New Metal You Should Be Blasting Right Now
Check out the latest from Pune band Lotus, Mumbai/Kolkata duo Groovy Noodles’ collab with sitarist Purbayan Chatterjee, Kerala band Oceans Were Ink and more
“Maraud” by Arseniic
Guwahati metallers Arseniic are the kind of band who will tide you over until new music from Swedish metal giants Meshuggah arrives next year. Seemingly taking influence every step of the way, Arseniic – who came together in 2013 – run riot on their latest single “Maraud.” There’s punishing, overbearing chaotic riffs that definitely answer the question “Does it djent?” but Arseniic take things up a notch by constantly shifting tempos and ramping up a mind-bending aural attack through the course of five minutes.
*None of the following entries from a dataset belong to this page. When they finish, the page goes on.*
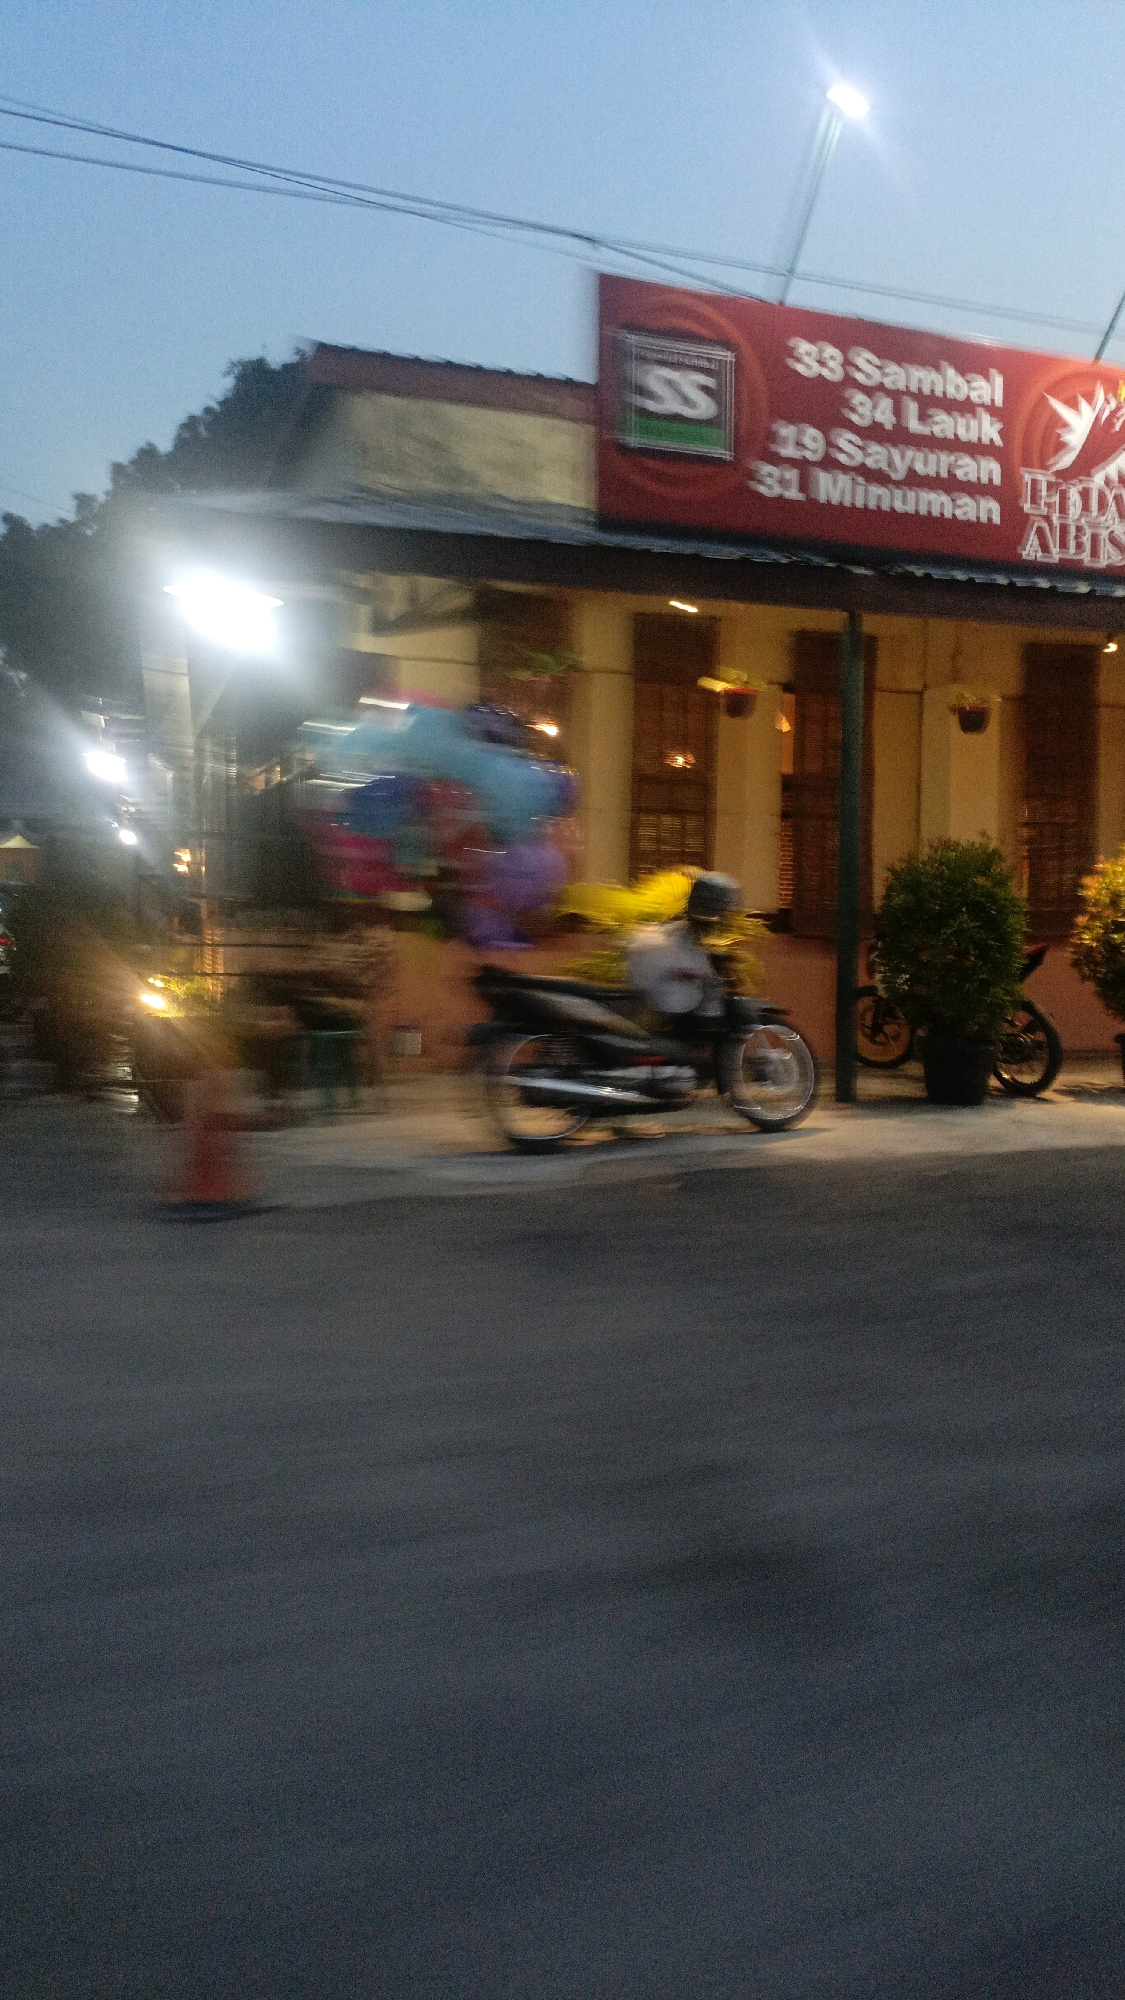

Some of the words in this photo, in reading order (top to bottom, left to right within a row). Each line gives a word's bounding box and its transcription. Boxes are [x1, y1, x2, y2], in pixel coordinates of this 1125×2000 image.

[630, 365, 718, 421] SS
[786, 337, 844, 383] 33
[848, 347, 1004, 408] Sambal
[842, 388, 895, 430] 34
[902, 395, 1004, 447] Lauk
[772, 420, 826, 462] 19
[829, 426, 1002, 485] Sayuran
[751, 460, 806, 501] 31
[812, 467, 1001, 524] Minuman
“Bataille De Camerone” by Mutiny
Bengaluru-based multi-instrumentalist Sonaksh Singh Rawat pieces together stories of the bravest warriors and armed forces across the ages for his upcoming album The Last Stand. While his 2019 singles “Saragarhi” and “Ambush at Shanghani” transport listeners from war sites in what is present day Pakistan to Zimbabwe, the third release “Bataille De Camerone” talks about a 19th century battle between French Legionnaires and Mexican soldiers, set to dragging riffs and extreme metal songwriting, complete with a searing guitar solo to cap it off.
“Persevere” by Oceans Were Ink ft. Jacob Umansky
Out of the town of Kodungallur in Thrissur, Kerala, Oceans Were Ink clearly made the most of an internet collaboration and invited New York bassist Jacob Umansky (from prog band Intervals) to feature on their new single “Persevere.” Structurally bringing together all the makings of a solid prog metal song – from the moody clean guitar melodies to the fist-tight rhythmic patterns over riffs and impassioned vocals – Oceans Were Ink is a must-hear for fans of Skyharbor, Tesseract and Monuments.
Emergence EP by Lotus
On their long-anticipated debut EP Emergence that’s been released track by track across a year, Lotus dive into electronic, post-rock and modern metal territory across four songs. Produced by post-rock band Aswekeepsearching’s Shubham Gurung, guitarists Siddharth Amarnath and Robert Alex (from Aswekeepsearching as well as metallers Noiseware), Lotus traverse moods with great aid from textural patterns (“Vision,” “Wither”) but are also sometimes rooted in memorable riffs, like the opening to “Castles.” The yearning thematic sound of “Intact,” on the other hand, recounts post-rock heavyweights such as Caspian and 65daysofstatic.
“Freedom” by Groovy Noodles ft. Purbayan Chatterjee, John Paul and Smarajeet Bhattacharya
Groovy Noodles is an experimental and instrumental-dabbling duo comprising drummer Aritra Basu (from instrumental band Letterz, metallers Yonsample and more) and guitarist Rickraj Nath and their debut single “Freedom” clearly meant to make a mark. Hopping from jazz-rock to prog to metal and psychedelic passages, the duo invites sitar ace Purbayan Chatterjee for an astounding lead, supported by bassist-guitarist John Paul and keyboardist Smarajeet Bhattacharya. With a space exploration visual aesthetic, Groovy Noodles certainly elevate their status right out the door with “Freedom.”
“Aidrop” by Axolotl
A new project started by members of New Delhi/Bengaluru rock/metal band Frostcraft, Axolotl seems to channel everything anyone liked about early 2000s rock (the kind that was called “post-grunge”), post-hardcore and metal with a new song every week so far. While songs like “Hollow” offer more emo hues and “Tender” features bursts of energy, “Airdrop” builds up steadily to a very worthy metalcore breakdown. The music is all produced inhouse, with vocalist Arindam Chowdhury handling mixing duties while guitarist Atanu Sarkar mastered the tracks.
“Secrets” by WAV
Formed during the COVID-19 pandemic, New Delhi metallers WAV have a bit of legacy behind them. Bassist Karthik Nanda and drummer Krishnan Natarajan originally made their name with prog metal band Decibel. With their latest project WAV, they’re joined by guitarist Siddharth and vocalist Ankit Kumar. Their debut single, “Secrets,” rightly shows them performing in their own spaces for a song that recalls all the best elements of dark, heavy metal, built like a tank on bludgeoning riffage and galloping drum work.